I started at the beginning of the Collected, with A Curtain of Green and Other Stories, published in 1941. The Wide Net and Other Stories followed close on its heels in 1943. I’m midway through The Golden Apples now, which appeared in 1949 and so finished out an astonishingly productive decade. I love these stories. Welty's use of voice, her sense of history and place, her delight in the grotesque, are easily in league with Faulkner. Moreover, I find her largely free of the pathological Southern sentimentalism that nags at even his greatest work (and smothers some of it). You can draw lines from Welty not only to the aforementioned Hannah and to Flannery O'Connor, but to Joy Williams and--in a story like "Moon Lake", for instance--even Christine Schutt. But the writer of whom Welty reminds me most strongly, especially in those early books, is Nathaniel Hawthorne. Stories like “A Visit of Charity,” “Death of a Traveling Salesman,” “Old Mr. Marblehall,” and “The Wide Net” put me in mind of Hawthorne’s earthy, sinister, proto-Kafkan tales such as “My Kinsman, Major Molineux,” “The Minister’s Black Veil,” and especially “Wakefield.” And one great thing about reading a Collected Stories is being able to trace the arc of its author’s development. As much as I admire and enjoy those flinty, mysterious first two books, to read The Golden Apples is to watch a natural born talent achieve true mastery of her form.  The seven connected stories it contains feel less imagined than lived, or better still, dreamed into being, as in this paragraph from “Moon Lake”:

“Luminous of course but hidden from them, Moon Lake streamed out in the night. By moonlight sometimes it seemed to run like a river. Beyond the cry of the frogs there were sounds of a boat moored somewhere, of its vague, clumsy reaching at the shore, those sounds that are recognized as being made by something sightless. When did boats have eyes--once?
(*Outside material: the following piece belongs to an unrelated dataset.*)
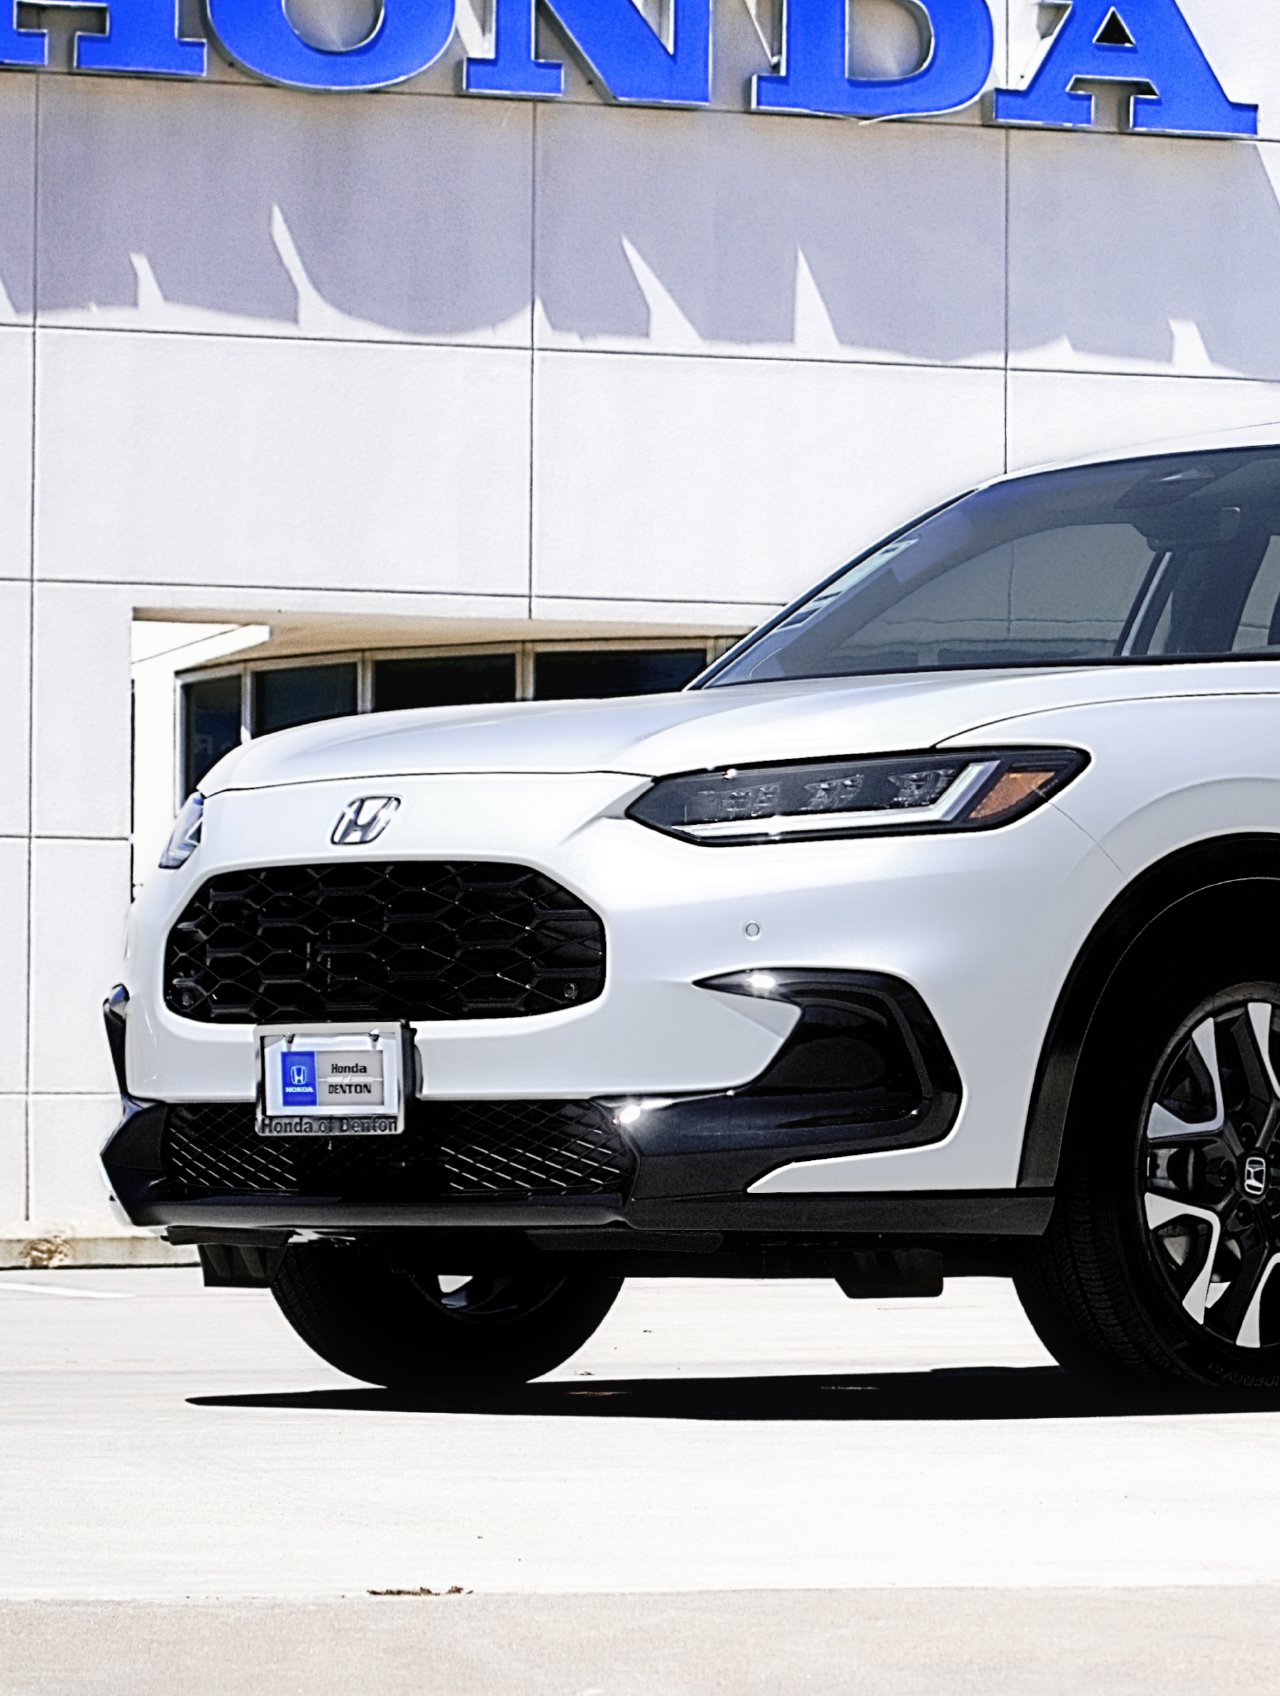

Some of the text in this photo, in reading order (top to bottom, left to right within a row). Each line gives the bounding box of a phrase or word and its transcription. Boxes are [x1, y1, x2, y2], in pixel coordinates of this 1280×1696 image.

[331, 1063, 367, 1073] Honda
[328, 1083, 372, 1094] DENTON
[261, 1116, 398, 1134] Honda of Denton
Nothing watched that their little part of the lake stayed roped off and protected; was it there now, the rope stretched frail-like between posts that swayed in mud? That rope was to mark how far the girls could swim. Beyond lay the deep part, some bottomless parts, said Moody. Here and there was the quicksand that stirred your footprint and kissed your heel. All snakes, harmless and harmful, were freely playing now; they put a trailing, moony division between weed and weed--bright, turning, bright and turning.”